Call or Chat 24/7

Serving clients across Minnesota
with 12 convenient office locations.

How Do I Protect Myself Financially In a Divorce?

a woman going over her finances

Divorce rearranges your life on every level, from where you live to how you pay your bills. Restructuring your finances can be one of the process’s most confusing and intimidating parts. The choices you make now will lay the foundation for your financial future.

For many divorcing couples, the stress of this process leads to friction and conflict. You might find your interests at odds with your future ex-spouse, scrambling to protect your finances in the divorce. 

However, you don’t have to stress. You can take steps to protect yourself financially in a divorce and ensure stability once your marriage ends. The dedicated Minneapolis divorce lawyers at Milavetz Injury Law, P.A., have prepared the following list of 10 things you can do to protect your financial interests.

1. Contact a Divorce Attorney

State law governs the division of assets in a divorce. Minnesota follows the rule of equitable distribution, meaning assets and debts are divided based on what’s fair and just for both parties. 
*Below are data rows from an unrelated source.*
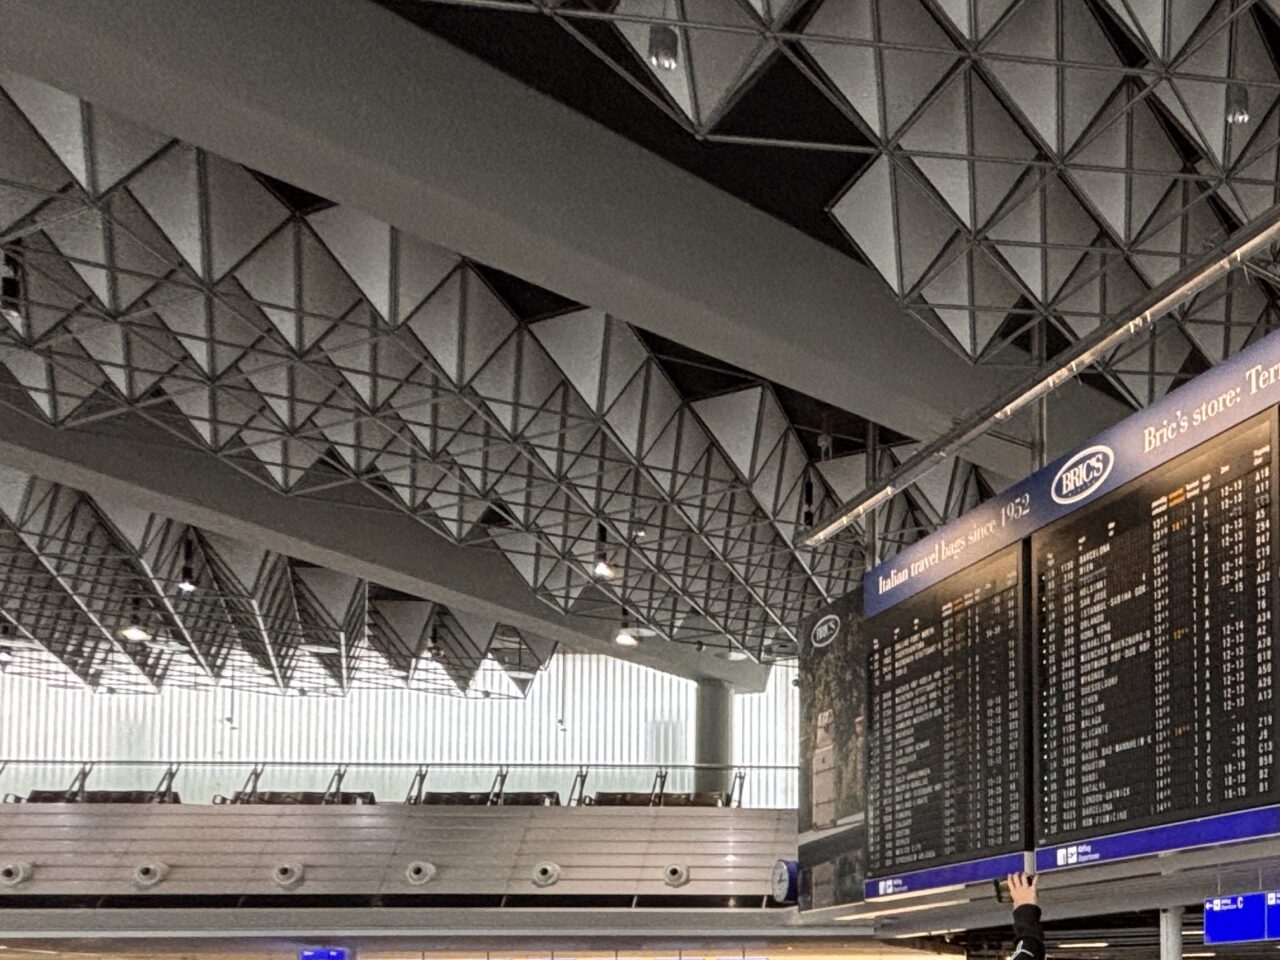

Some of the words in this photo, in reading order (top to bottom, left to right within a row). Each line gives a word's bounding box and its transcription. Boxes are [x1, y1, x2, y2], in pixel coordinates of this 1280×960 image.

[1143, 410, 1188, 454] Bric's
[1192, 386, 1242, 428] store:
[878, 564, 909, 595] Italian
[910, 543, 939, 577] travel
[941, 532, 966, 561] bags
[968, 518, 998, 544] since
[999, 492, 1031, 528] 1952
[1237, 897, 1243, 909] C
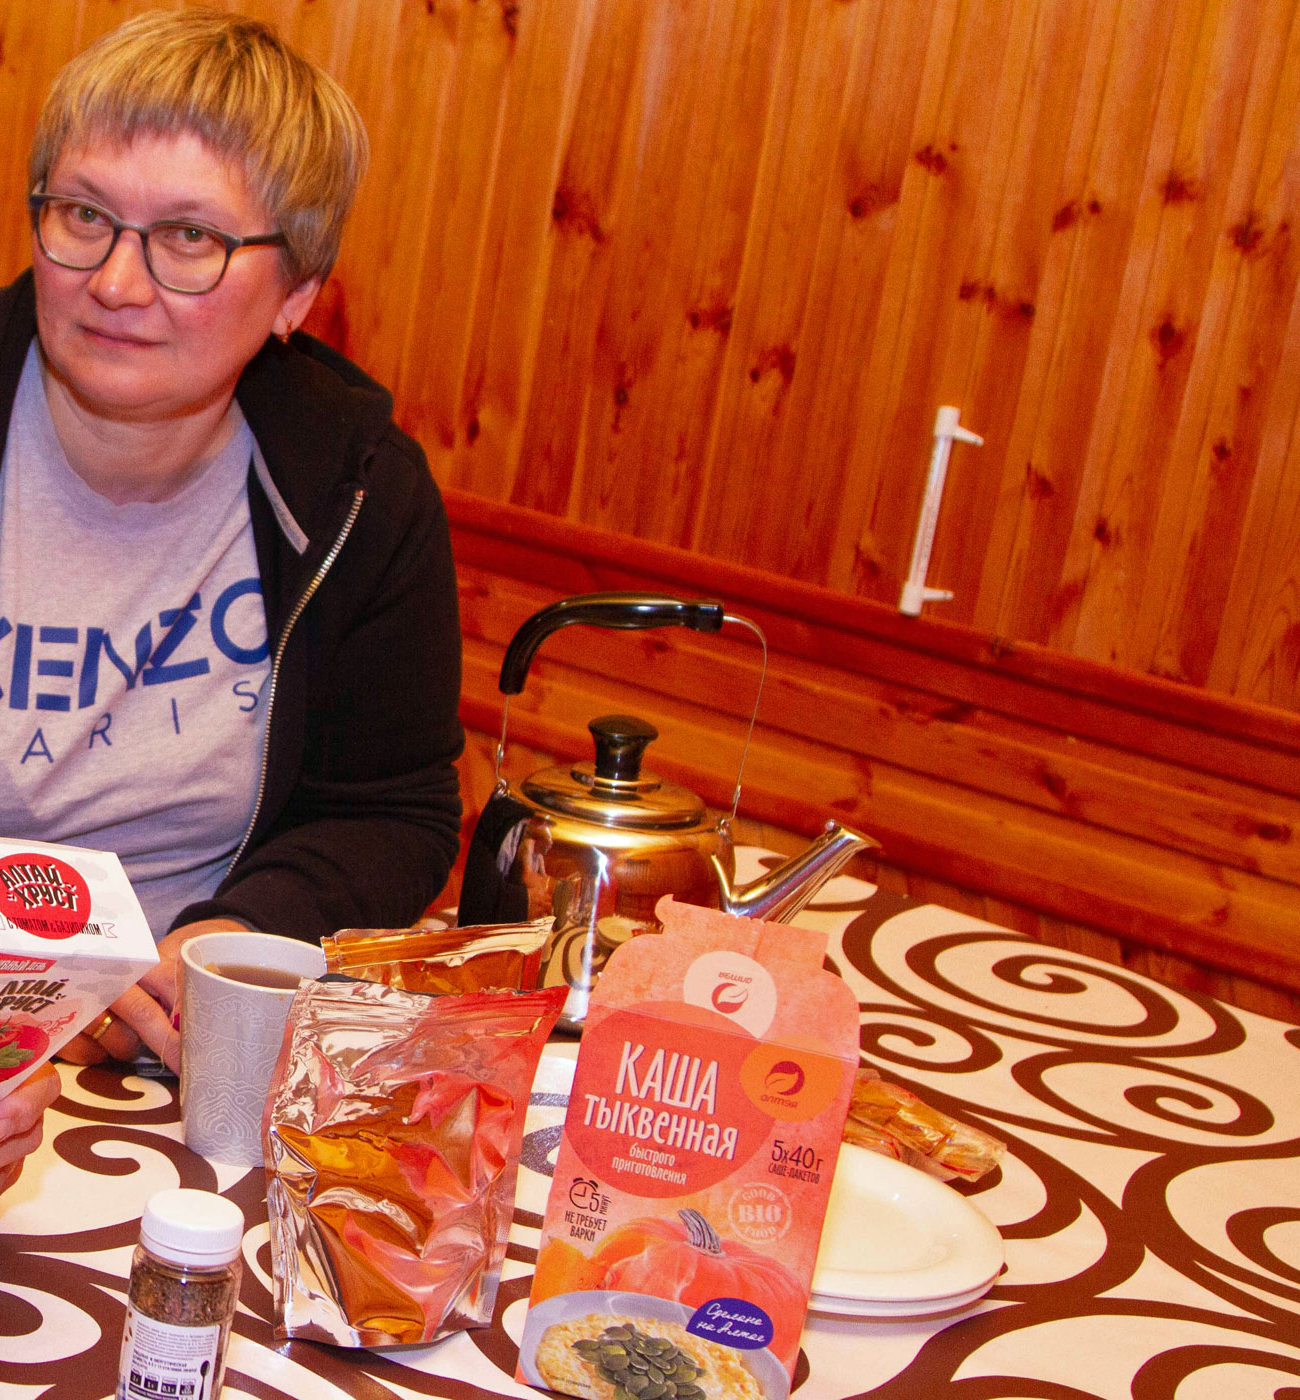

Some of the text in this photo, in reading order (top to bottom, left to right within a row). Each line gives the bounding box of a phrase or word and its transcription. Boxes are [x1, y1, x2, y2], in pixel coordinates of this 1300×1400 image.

In court, “fair” and “equal” are not synonyms. The judge will consider the needs and resources of each party, including:

  • Age and health status
  • Occupation
  • Income level and sources
  • Future access to capital
  • Financial and non-financial marital contributions
  • Debts or money owed between spouses

The underlying laws are complex and highly detailed. Working with an experienced divorce lawyer who understands the whole picture and can help you present your case most effectively is essential. 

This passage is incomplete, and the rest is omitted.